>>
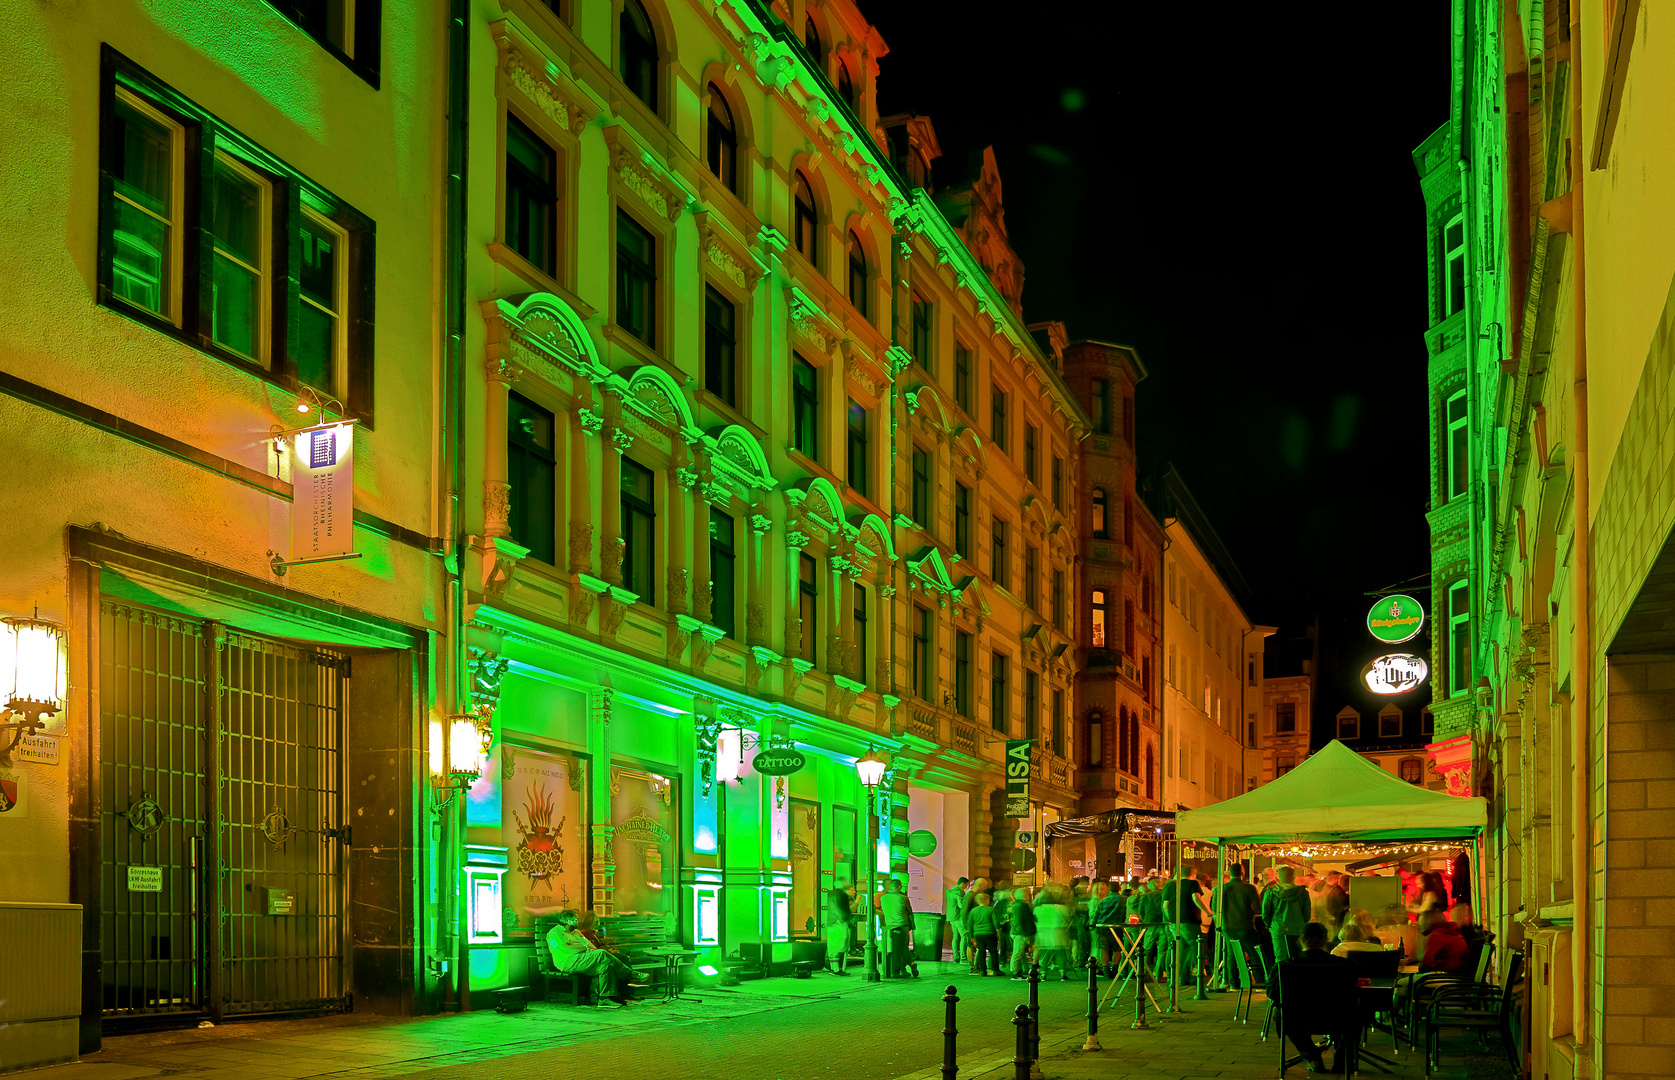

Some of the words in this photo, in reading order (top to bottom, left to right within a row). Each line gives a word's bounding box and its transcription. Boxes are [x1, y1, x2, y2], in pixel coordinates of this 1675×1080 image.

[23, 737, 56, 749] Ausfahrt
[20, 748, 58, 760] freihalten!
[756, 758, 802, 768] TATTOO
[1008, 743, 1030, 798] LISA
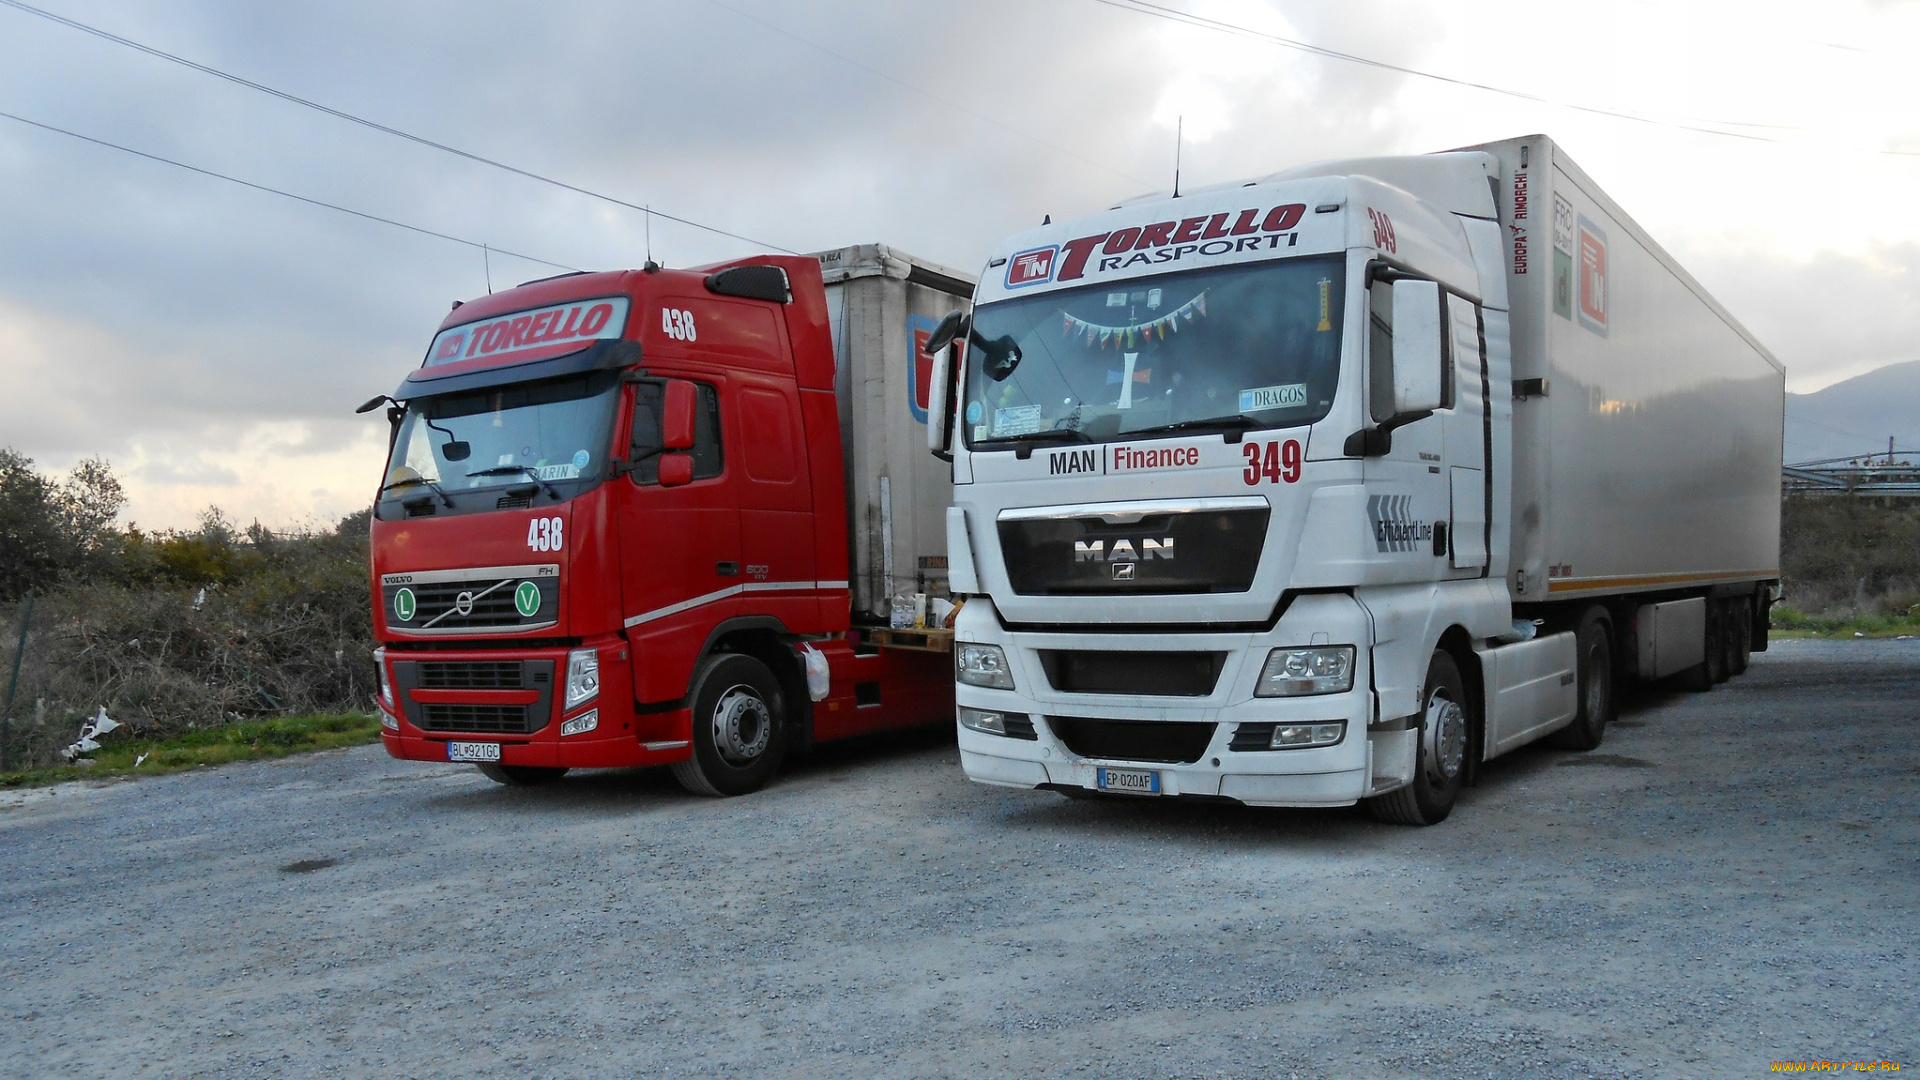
<<
Repeat the listing in full and exactly. Leave any pictures out.

> ANSWER FOR THE TASK:
Some of the words in this photo, in reading order (top to bottom, left to right within a row). Each line gives a word's bounding box and its transcription. Boxes are [x1, y1, x2, y2], in pixel coordinates of this 1675×1080 image.

[23, 737, 56, 749] Ausfahrt
[20, 748, 58, 760] freihalten!
[756, 758, 802, 768] TATTOO
[1008, 743, 1030, 798] LISA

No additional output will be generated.